The solar windows, designed for skyscrapers, are created by applying ultra-thin layers of liquid coatings on to glass and flexible plastics. These liquid coatings produce ultra-small solar cells and form groups called ‘arrays’. 

Solar Window Technologies revealed its innovation via a webinar, with a video demonstrating the windows collecting electricity, which was then used to charge a monitor.

With standard rooftop photovoltaics on a skyscraper generating 87,000 KWh a year , the company believe that a 50-story building with solar windows can create 1.3GWh – enough energy to power 130 homes for a year.

The company says its solar windows can also harness energy from artificial light.

Solar Window Technologies’ principle scientist Dr Scott Hammond said: “Whether crystalline silicon or inorganic thin film, all conventional solar panels are inherently opaque and thus impossible to see through. In contrast organic photovoltaics from Solar Windows are so incredibly thin that it lets light through.

Easy integration

Currently solar window films are used by several big companies, including Lloyds Bank, but Solar Window Technologies expects to see rapid uptake of its product thanks to its simple installation.

The coatings would be applied inside the glass of a window unit, rather than outside, to protect the solar cells from the weather. The coatings are developed for easy integration into current glass manufacturing processes.
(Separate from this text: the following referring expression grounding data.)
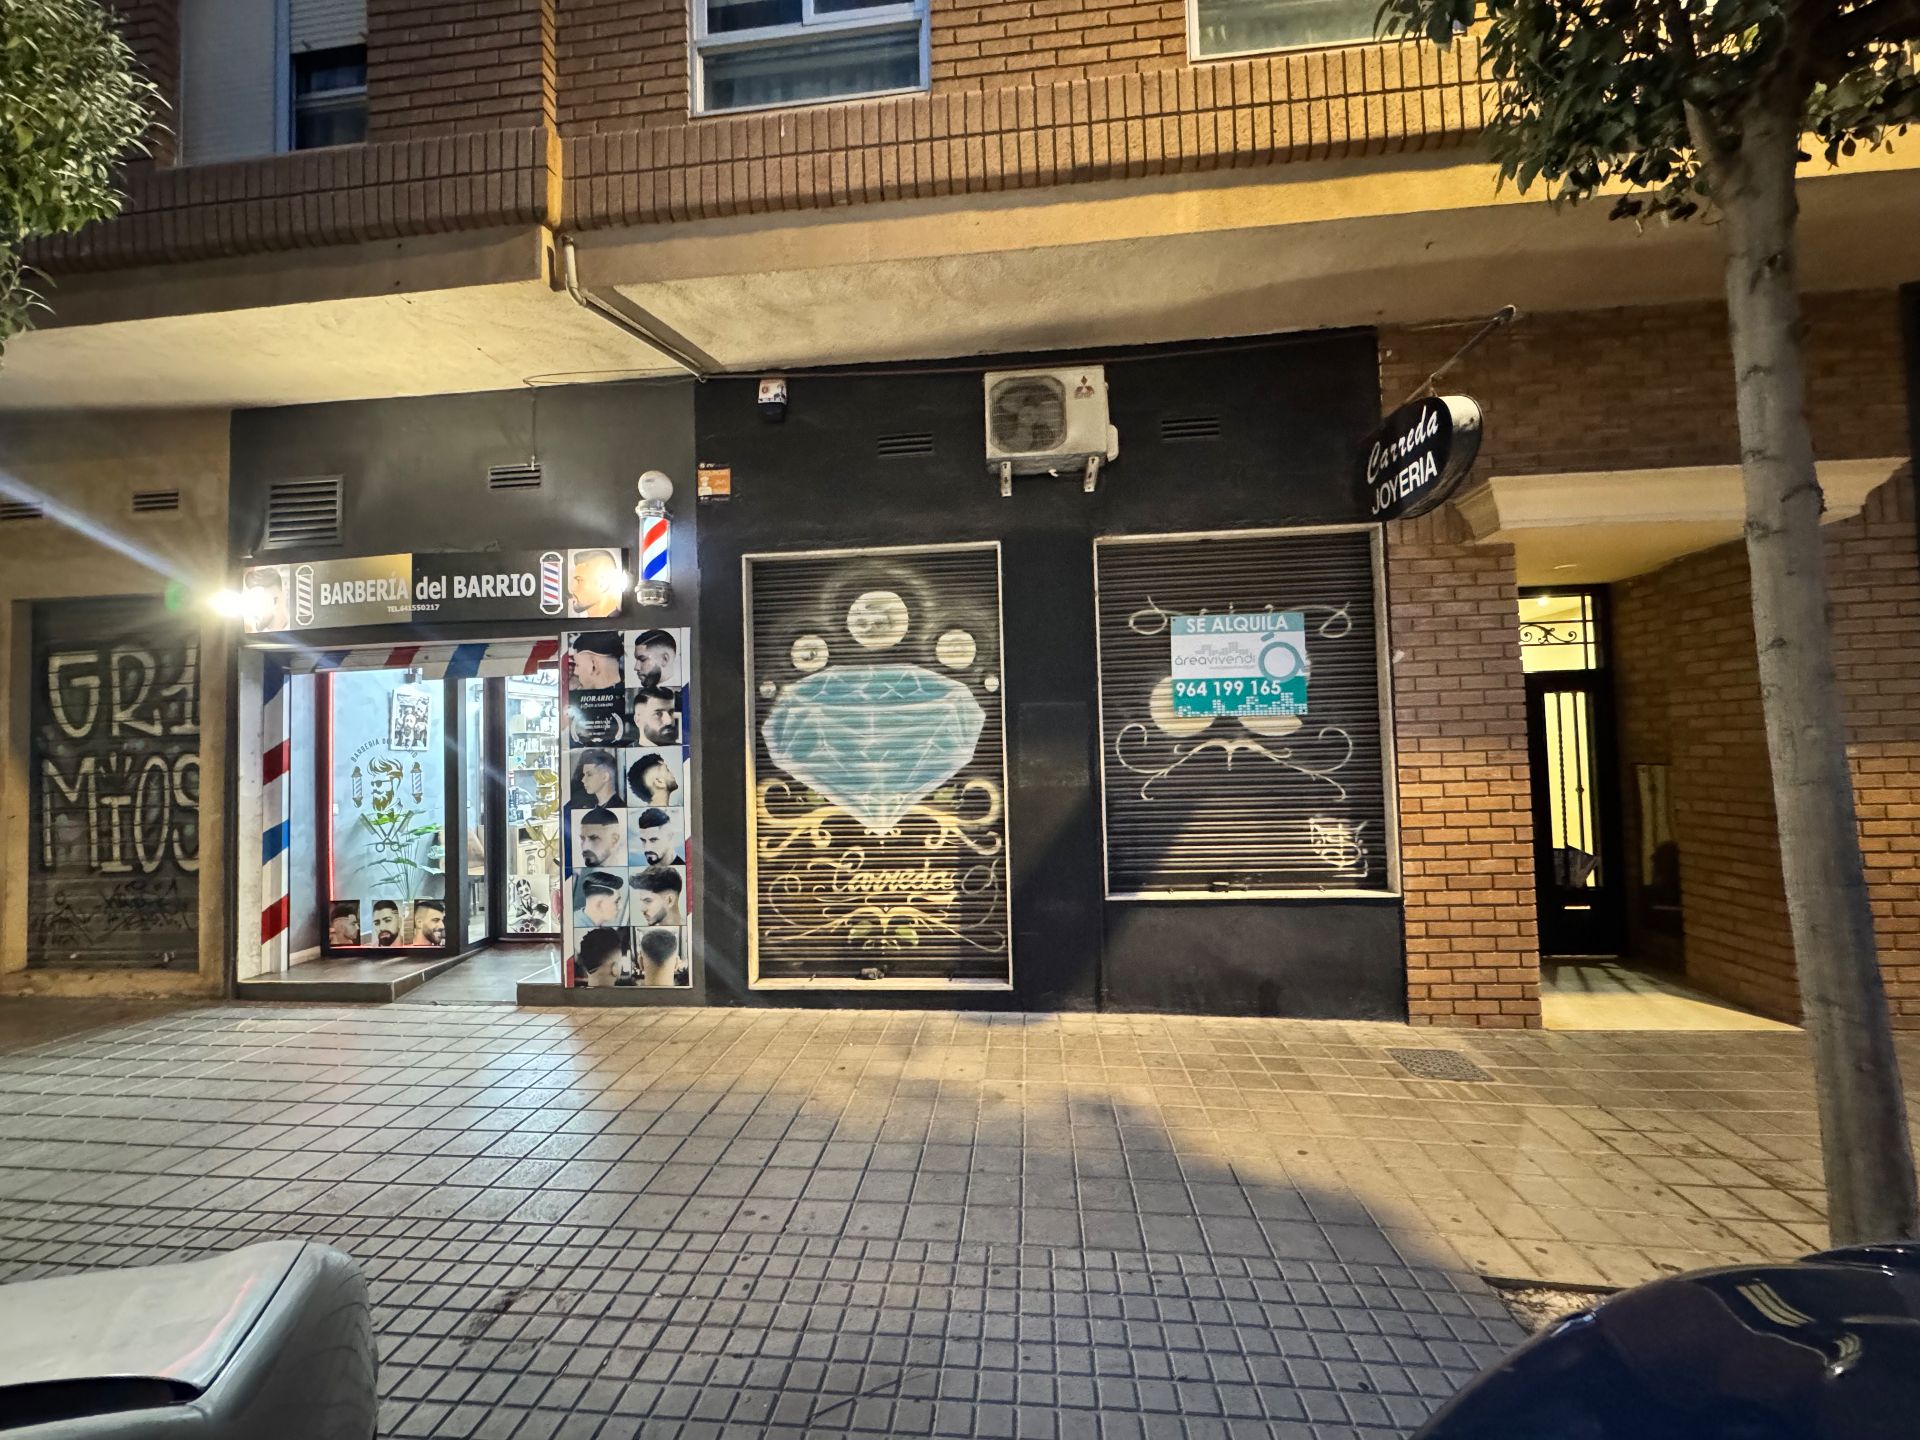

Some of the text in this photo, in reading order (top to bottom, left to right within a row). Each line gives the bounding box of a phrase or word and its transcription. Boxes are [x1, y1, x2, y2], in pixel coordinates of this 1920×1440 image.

[1367, 404, 1439, 485] Carreda
[1371, 450, 1438, 515] JOYERIA
[320, 570, 537, 605] BARBERÍA del BARRIO
[1186, 614, 1288, 632] SE ALQUILA
[1176, 680, 1281, 697] 964 199 165
They also claim an ROI of under a year, compared to the 5-11 year payback on conventional solar systems.

Major achievement

The windows are being produced in collaboration with the National Renewable Energy Laboratory (NREL) as part of a research development agreement.
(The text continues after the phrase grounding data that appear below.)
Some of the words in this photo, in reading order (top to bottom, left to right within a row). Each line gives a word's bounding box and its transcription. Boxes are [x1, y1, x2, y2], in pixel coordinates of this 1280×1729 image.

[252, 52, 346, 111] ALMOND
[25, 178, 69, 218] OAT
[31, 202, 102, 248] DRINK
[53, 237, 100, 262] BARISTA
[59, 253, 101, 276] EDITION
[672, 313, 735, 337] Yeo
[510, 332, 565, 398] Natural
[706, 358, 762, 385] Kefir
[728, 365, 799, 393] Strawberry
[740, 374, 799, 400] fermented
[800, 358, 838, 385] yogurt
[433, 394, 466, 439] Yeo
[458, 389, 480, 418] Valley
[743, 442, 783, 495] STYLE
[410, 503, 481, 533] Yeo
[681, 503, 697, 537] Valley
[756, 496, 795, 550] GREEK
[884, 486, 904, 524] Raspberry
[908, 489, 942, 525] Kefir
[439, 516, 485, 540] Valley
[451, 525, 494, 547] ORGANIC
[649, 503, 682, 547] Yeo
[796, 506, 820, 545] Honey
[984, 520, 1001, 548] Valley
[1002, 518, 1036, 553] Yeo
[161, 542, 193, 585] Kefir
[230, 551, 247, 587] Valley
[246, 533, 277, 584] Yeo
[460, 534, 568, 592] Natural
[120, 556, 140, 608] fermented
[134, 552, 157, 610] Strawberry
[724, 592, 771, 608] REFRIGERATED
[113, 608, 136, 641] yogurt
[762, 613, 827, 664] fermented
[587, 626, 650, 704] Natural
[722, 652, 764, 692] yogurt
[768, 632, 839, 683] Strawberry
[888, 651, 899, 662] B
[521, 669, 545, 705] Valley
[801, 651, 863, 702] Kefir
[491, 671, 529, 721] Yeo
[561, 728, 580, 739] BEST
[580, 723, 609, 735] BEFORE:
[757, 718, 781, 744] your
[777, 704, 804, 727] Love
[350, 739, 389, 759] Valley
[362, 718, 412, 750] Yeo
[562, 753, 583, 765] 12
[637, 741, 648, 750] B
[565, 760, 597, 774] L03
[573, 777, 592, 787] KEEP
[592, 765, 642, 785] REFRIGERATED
NREL’s senior scientist Dr Maikel van Hest said: “The development of a transparent photovoltaic is actually extremely challenging. Any typical photovoltaic device will absorb the physical light and that is converted into electrical power. However in this case we want it to be transparent so we couldn’t really use the physical light.
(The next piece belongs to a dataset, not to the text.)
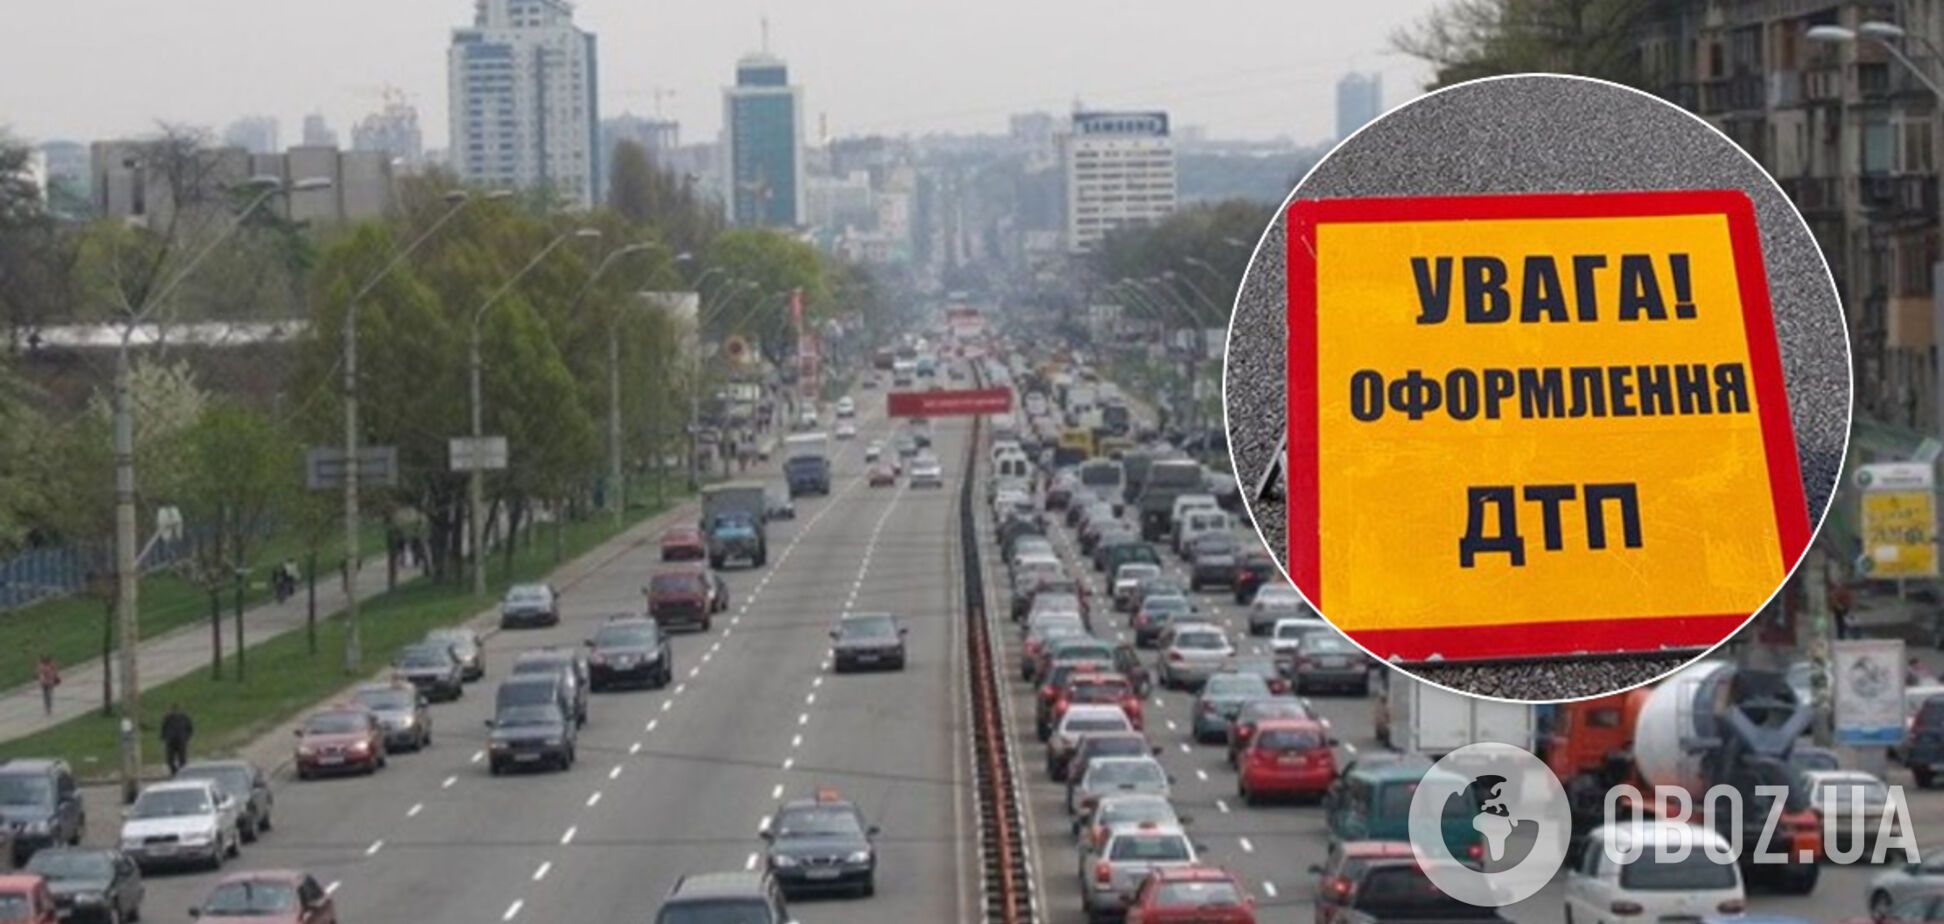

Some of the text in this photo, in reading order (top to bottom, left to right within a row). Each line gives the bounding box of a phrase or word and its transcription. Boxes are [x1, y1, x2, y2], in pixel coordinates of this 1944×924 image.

[1410, 253, 1697, 325] УВАГА!
[1350, 362, 1752, 422] ОФОРМЛЕННЯ
[1459, 482, 1643, 569] ДТП
“Therefore we need to engineer a device in such a way that it allows for the physical light to pass through. Achieving that while also generating significant power at the same time is a major technical achievement.”

Renewable Portfolio Standards

Electricity supply companies have to comply with Renewable Portfolio Standards. In the US these standards vary from state to state with Arizona’s PRS target is 15% by 2025 and Colorado’s 30% by 2020.

With an estimated two million acres of skyscraper glass in the US, Solar Window Technologies believe that they can subsidise a £5.3bn market with solar windows.